# A much more thoughtful cap statement from Tony Deans site



## tsodak (Sep 7, 2002)

I stumbled across this article from Ron Reynolds and Tony on his website. This offers I think a much better look at some of the issues than others I have seen. Thought some of you all should read it. Tom

Tony Dean Outdoors
Issues
Texas Style or North Dakota Style

Tony:

Battles must be fought on many fronts. In his few words, Dick Monson's letter said more about this issue than all the opposition put together. The problem is not the number of non-resident hunters, but the solution to the real problem may be. The purpose of all the positioning is to 
decide who will control hunting in North Dakota. There is excellent case history to guide us from states such as California, Texas, and Maryland. I have lived in all of these states and do not understand why any North Dakotan would envy the hunting systems in place there. I am 
pleased that the rank-and-file hunters of North Dakota are taking up the battle to protect the model of traditional hunting.

It might be useful to examine the Texas situation as an example. A case study of the evolution of hunting in Texas was published recently by Clark E. Adams et al., 2000, A place to hunt: organizational changes in recreational hunting, using Texas as a case study. Wildlife Society 
Bulletin. Clark is with the Department of Wildlife and Fisheries Science at Texas A&M. Hunting in Texas, like most other states emerged into a typical Hunter-conservationist model in the early 1900s when game 
numbers were greatly depleted from the ravages of unregulated harvest, and a general lack of (and understanding) wildlife/habitat conservation. The key to this extremely successful model was a somewhat equal partnership between the landowner, hunter and Game and Fish 
Agency. This was primarily a hunter driven system, and in their passionate pursuit of hunting activities they were willing to wage battles to protect wildlife and promote conservation. The landowner provided the places to hunt and became the proverbial center pivot of the system.
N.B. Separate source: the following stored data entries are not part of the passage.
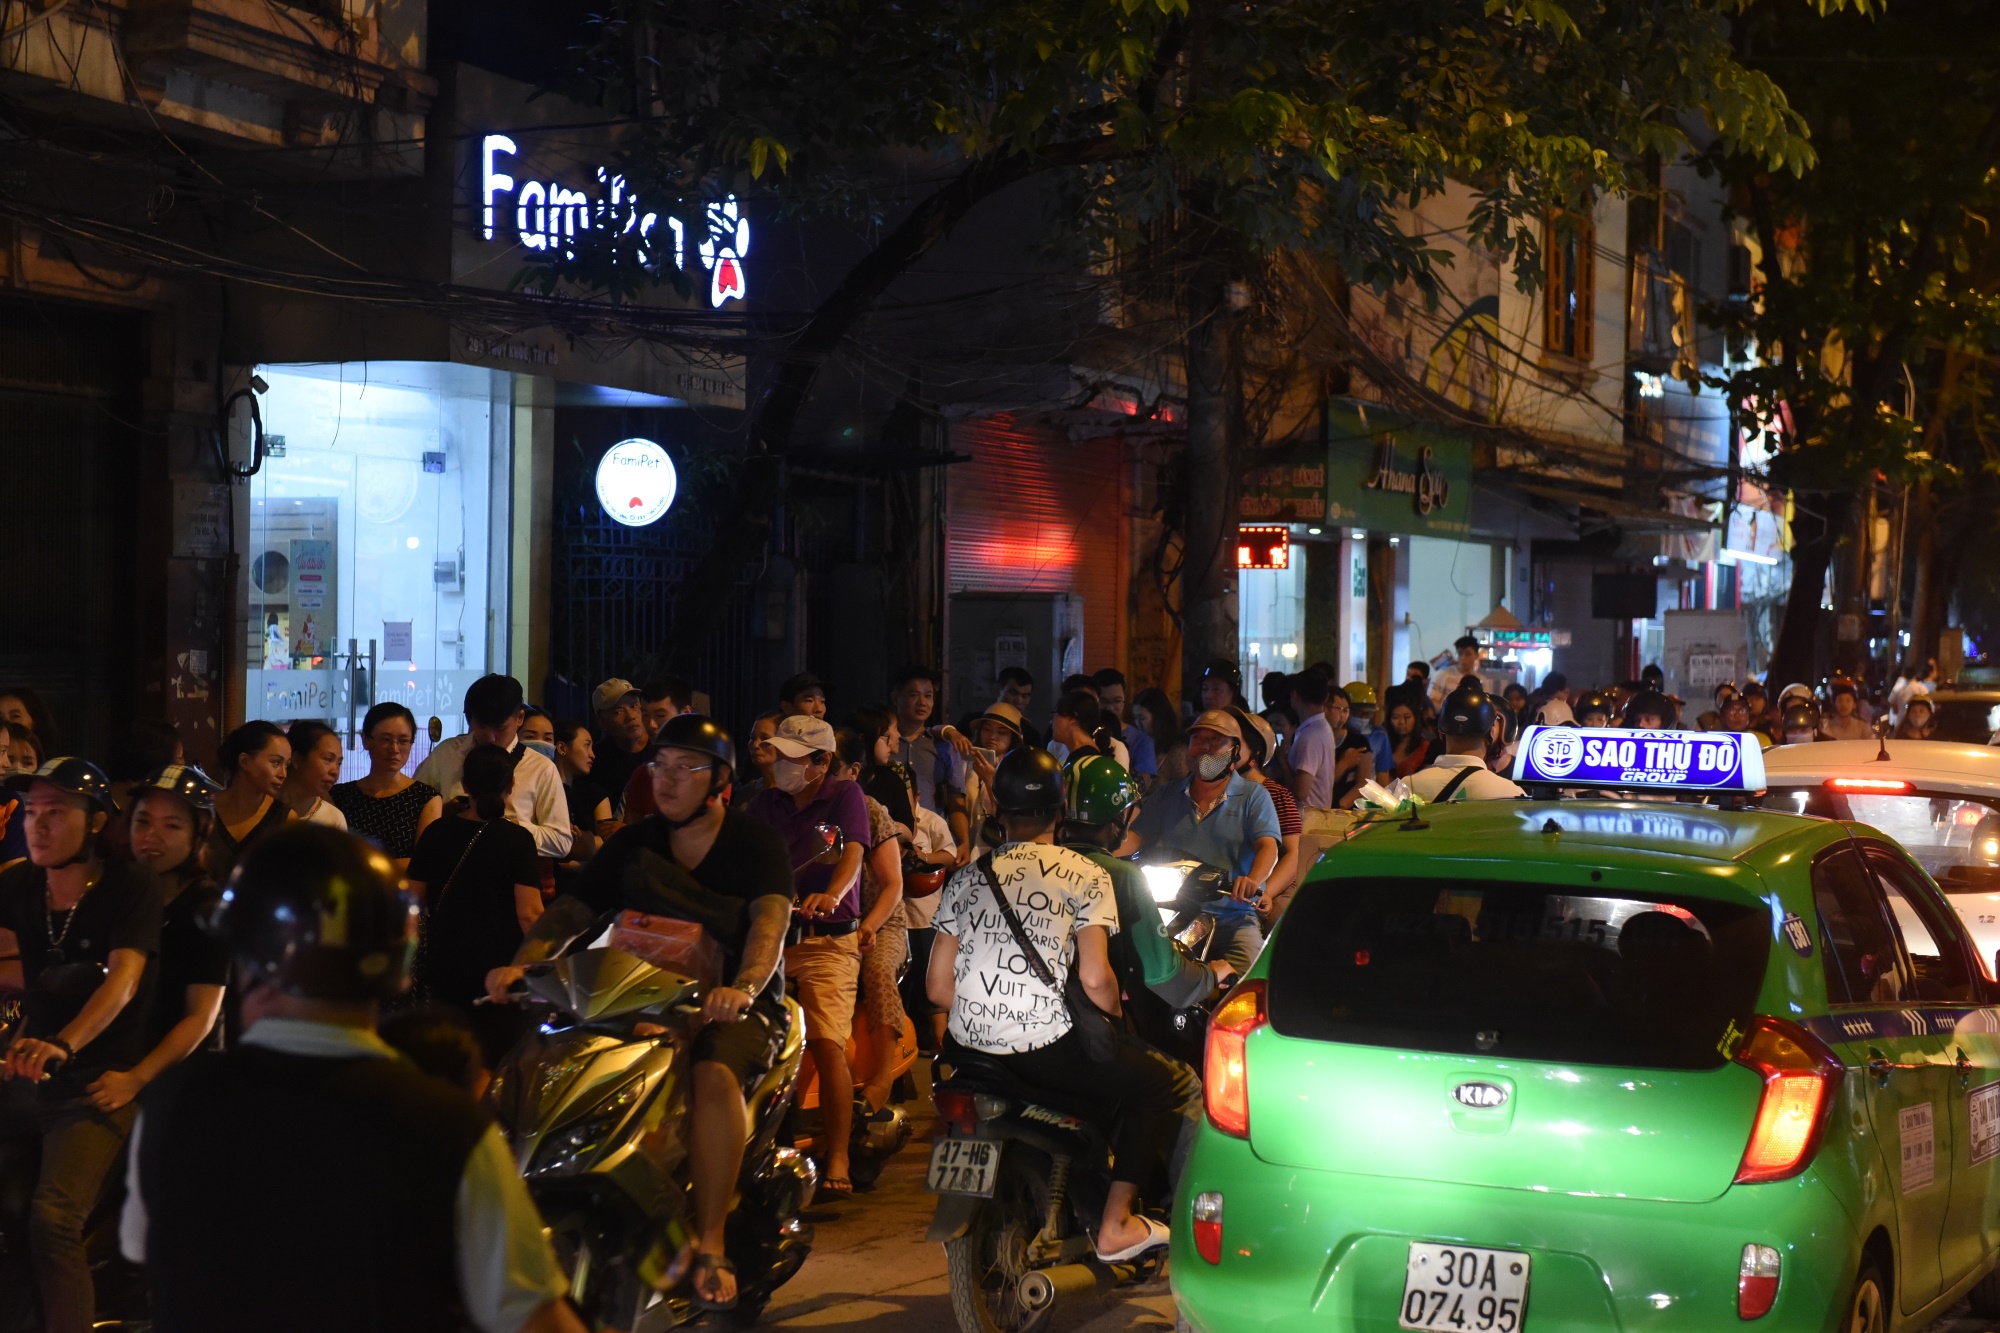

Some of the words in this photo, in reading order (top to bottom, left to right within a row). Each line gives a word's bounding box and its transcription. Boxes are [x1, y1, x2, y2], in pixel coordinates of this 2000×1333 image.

[612, 452, 660, 468] FamiPet
[266, 681, 337, 711] FamiPet
[375, 681, 432, 706] amiPet
[1584, 740, 1637, 767] SAO
[1644, 740, 1693, 770] THỦ
[1698, 742, 1735, 772] ĐÔ
[1620, 772, 1687, 783] GROUP
[1039, 859, 1084, 886] VUIT
[1016, 886, 1078, 918] LOUIS
[969, 909, 1007, 932] VUI
[997, 948, 1057, 978] LOUS
[980, 971, 1026, 997] VUIT
[957, 994, 996, 1019] TTON
[960, 1015, 992, 1036] VUIT
[1460, 1085, 1500, 1105] KIA
[1436, 1250, 1497, 1291] 30A
[1404, 1289, 1520, 1333] 074.95
The Game and Fish Agency set the rules and was responsible 
for fair play. One of the greatest things that came out of this process was ethical values that still prevail (in part) today. Eventually the Game and Fish Agency took on a more scientific approach to wildlife conservation and hunting management to the benefit of all.
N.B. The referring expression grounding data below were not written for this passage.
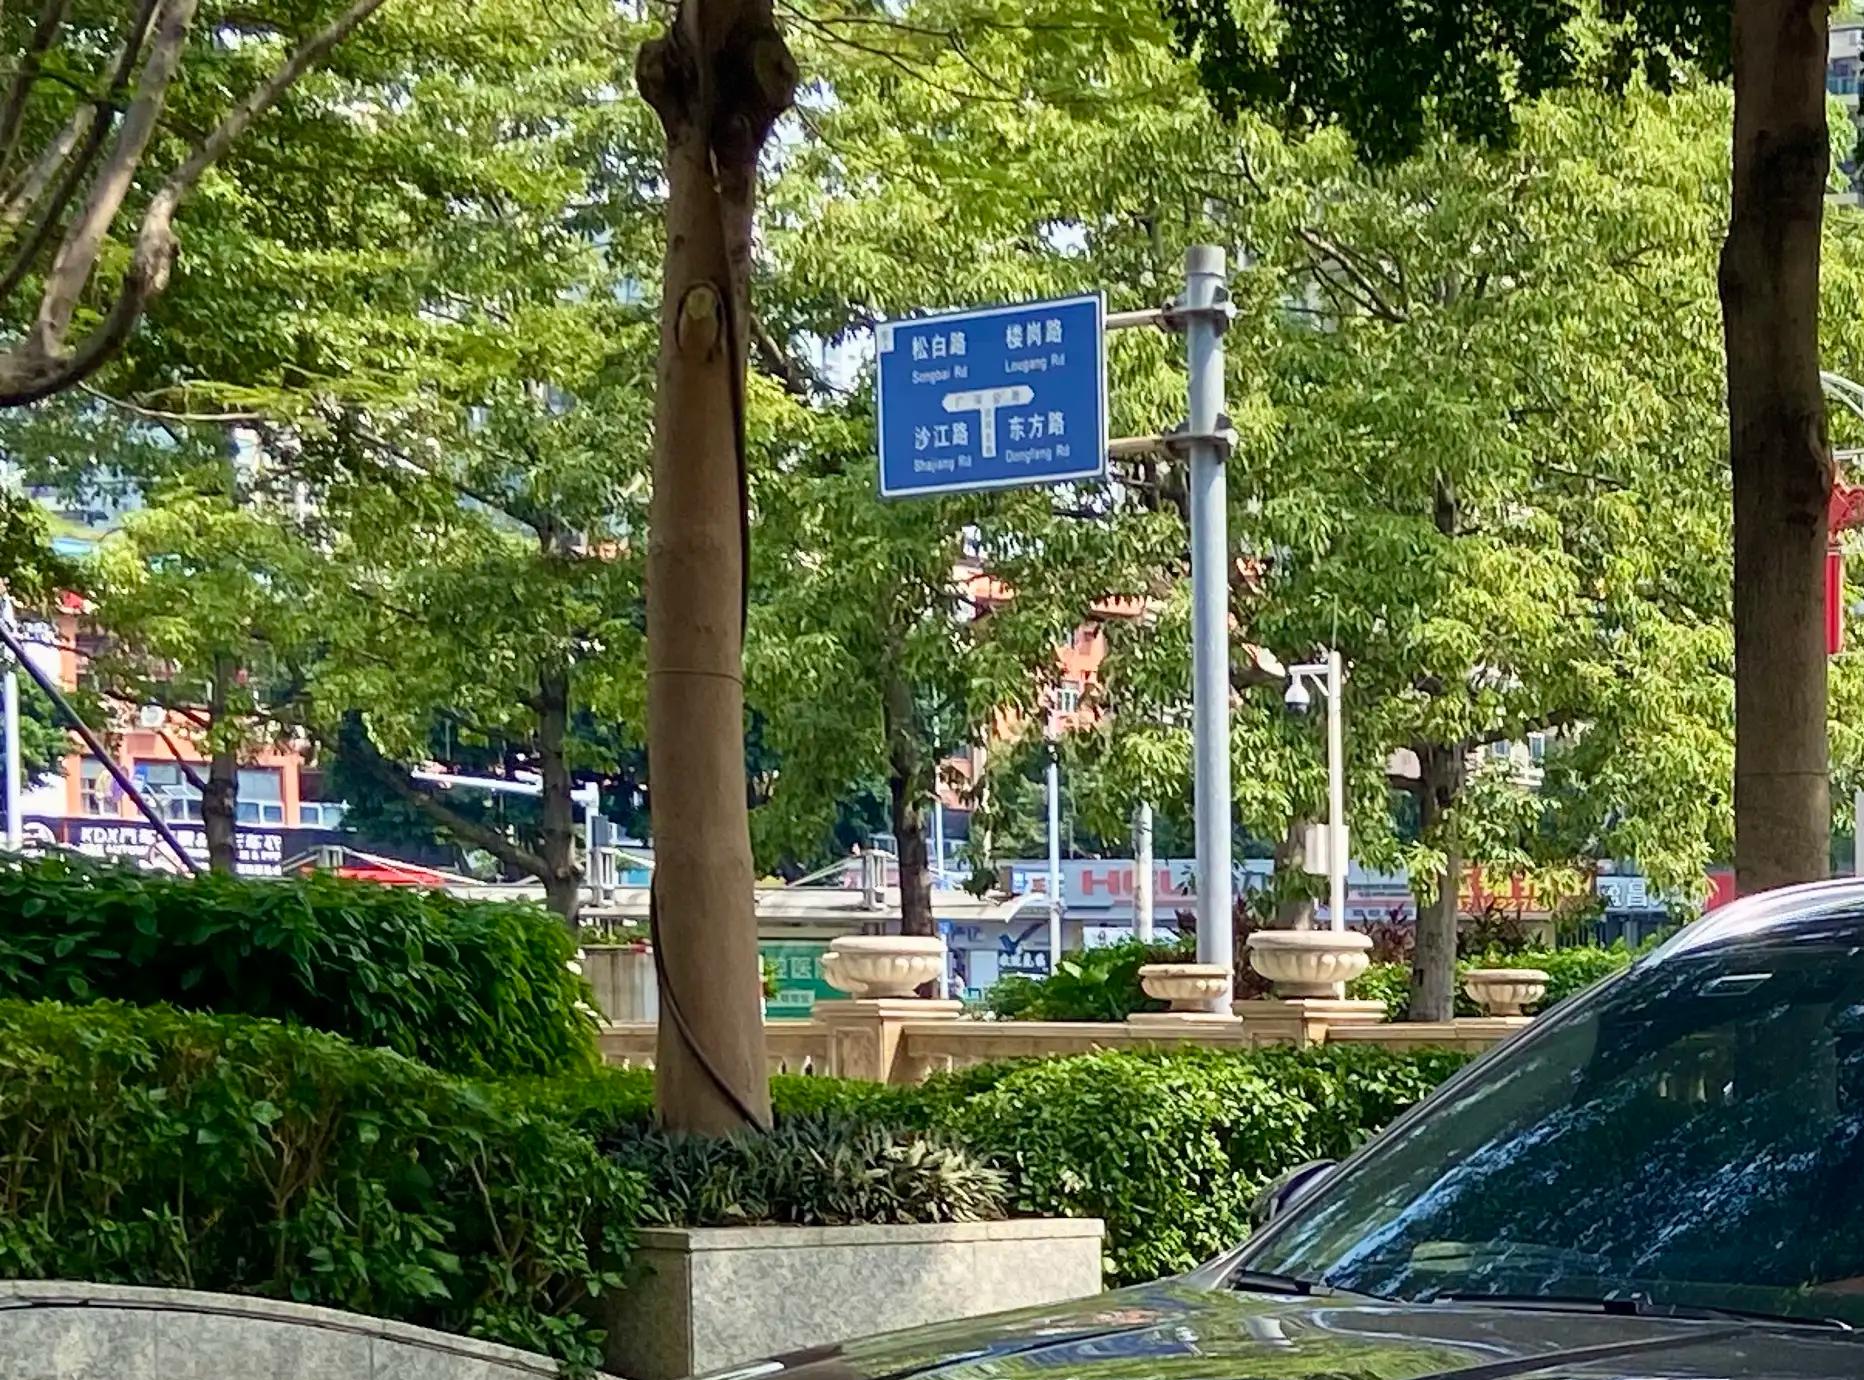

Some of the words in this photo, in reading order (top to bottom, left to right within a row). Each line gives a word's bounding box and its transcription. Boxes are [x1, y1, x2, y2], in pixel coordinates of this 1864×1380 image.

[1006, 319, 1062, 349] 楼岗路
[912, 331, 966, 361] 松白路
[1051, 353, 1065, 367] Rd
[954, 364, 968, 378] Rd
[914, 422, 968, 450] 沙江路
[1008, 412, 1065, 441] 东方路
[958, 453, 971, 468] Rd
[1056, 443, 1070, 458] Rd
In the early 1960s the model (and roles of the triad) began to change. Landowners began to realize that certain segments of the hunting fraternity were willing to pay for hunting access and began marketing these rights. Wildlife became a by-product of traditional agriculture use. The existence of trespass laws already in place in Texas greatly 
facilitated the "hunting lease system". Landowners now controlled by virtue of access, that what had previously been held by the Agency in public trust (every state in the nation, and where federal authority prevails, places ownership of wildlife in the public domain). Landowners now went after more assistance and attention by the Agency, 
even though the Agency was still being funded exclusively by hunters. It's easy to get addicted to someone else's money.
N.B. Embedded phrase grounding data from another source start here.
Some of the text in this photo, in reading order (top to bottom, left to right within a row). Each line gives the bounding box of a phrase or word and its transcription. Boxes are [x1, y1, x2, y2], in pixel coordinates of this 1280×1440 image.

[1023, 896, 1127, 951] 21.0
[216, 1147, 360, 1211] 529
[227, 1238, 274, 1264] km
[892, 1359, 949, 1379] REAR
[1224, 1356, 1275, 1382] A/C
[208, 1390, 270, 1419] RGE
As access to hunting opportunity declined for the average guy (gal) and their children, the tradition, culture, and sociological aspects of hunting also changed and an entirely "new breed" of hunters began emerging. 
These "new" hunters have begun taking advantage of depressed 
land prices (farmland prices have generally not kept pace with salary increases of the non-farming industry) and instead of leasing land they saw more wisdom in outright ownership. By combining their financial force, groups of hunters can out-compete virtually any agriculture 
based system for purchase and control of land. In this model, the traditional sportsman-landowner-Agency triangle is dissolved. Individual hunters participation in Agency decisions are replaced by special-interest-groups (clubs). Unfortunately, these "new" hunters seek instant gratification with increased emphasis on highly managed 
hunting experiences and are not motivated by the desire to conserve wildlife and do not practice time honored ethics or rules of fair-chase (e.g., hunting trophy elk in an enclosure).

I predict the last phase of the Texas model will be played out in the future. As the public realizes that the hunters role as conservationist is now only a myth, they will no longer support hunting. Numerous polls have determined that the majority of non-hunters condone (if not 
support) consumptive recreational hunting, but not "trophy hunting". If hunting survives at all it will go the way of Cock fighting in Maryland; underground. Game and Fish Agencies will wither as hunter dollars stop flowing (however some Agencies will ease into tax based funded programs to serve a special constituency).

Can't happen in North Dakota. It has already begun. One of North Dakotas largest Corporate/Commercial operations (130,000 acres) is owned by individuals from Texas. And North Dakota is currently moving at a faster pace than Texas did because the model has already been tested 
there. The temptation to make money off of something you don't own or invest-in is overwhelming. There is nothing that market hunting interest won't do to protect their blood money. They will try to develop monopolies by limiting outfitter number and staking out territories". They will try and take control of setting seasons and 
distributing permits. A case-in-point is the recent lawsuit filed by outfitters against the State of Arizona over access to elk permits. I can tell you of cases where guides in Maryland threatened the life of a waterfowl biologist for reducing the limit on Canada geese after these 
"new age market hunters" nearly extirpated the Atlantic Population in the 1980s. In my life I have witnessed how greed-driven market hunting has stolen the peoples land and wildlife.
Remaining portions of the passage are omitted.